The Late Holocene contains four cultural periods: the Early Kachemak, the Late Kachemak, the Koniag, and the Alutiiq. Each period will be broken down by time period, also including the significance of each.

1. Early Kachemak (1850–500 BC) = The period is marked by the shift in mobility patterns: residential foragers to logistical collectors. Dwellings were small in size. Technology and subsistence activities were made more efficient. More efficient ways of processing food were introduced. Material remains include toggling harpoons, netweights, ground slate points, nets, ulus (chopping knife). The Ocean Bay people were the first to inhabit the area. They were considered to be a maritime people, but exploited both marine and terrestrial resources, including mammals and fish. Their only hunting kit included hooks, lines, harpoons, and lances with chipped stone points. By the Middle Holocene, more specialized tool kits were introduced. Originally living in small, dispersed settlements, the small 2-3m tents were replaced by small pit houses around 2000 BC.
2. Late Kachemak (500 BC – AD 1200) = The period is marked by large populations. Logistical patterns of mobility kept increasing, and community sizes increased, having up to ten dwellings. Storage facilities are also introduced. Mortuary practices are considered to be elaborate, and the finding of labrets suggest that social differentiation increased. Craft specialization increased as well.
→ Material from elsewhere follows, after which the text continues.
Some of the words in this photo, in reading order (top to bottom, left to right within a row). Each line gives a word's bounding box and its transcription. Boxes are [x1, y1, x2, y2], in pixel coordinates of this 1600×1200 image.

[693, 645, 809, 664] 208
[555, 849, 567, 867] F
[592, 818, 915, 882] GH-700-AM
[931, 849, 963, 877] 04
3. Koniag (AD 1200 – European contact) = The population reached its peak. Houses and settlement sizes continued to increase, suggesting the development of social ranking. Architecture started to become more elaborate and storage features kept increasing in size. Shift in location toward the coast suggests better access to marine resources, specifically to whales. "There is also evidence of intensified salmon fishing, food production and processing specializations, exchange, and investment in carpentry". (Ames et al., p. 62)
4. Alutiiq (Modern) = These islands are the original or traditional homes of the Alutiiqu (previously Koniag) peoples. The coastal environment provided excellent productivity for these people, as the terrestrial environment seemed somewhat low or lacked natural resources.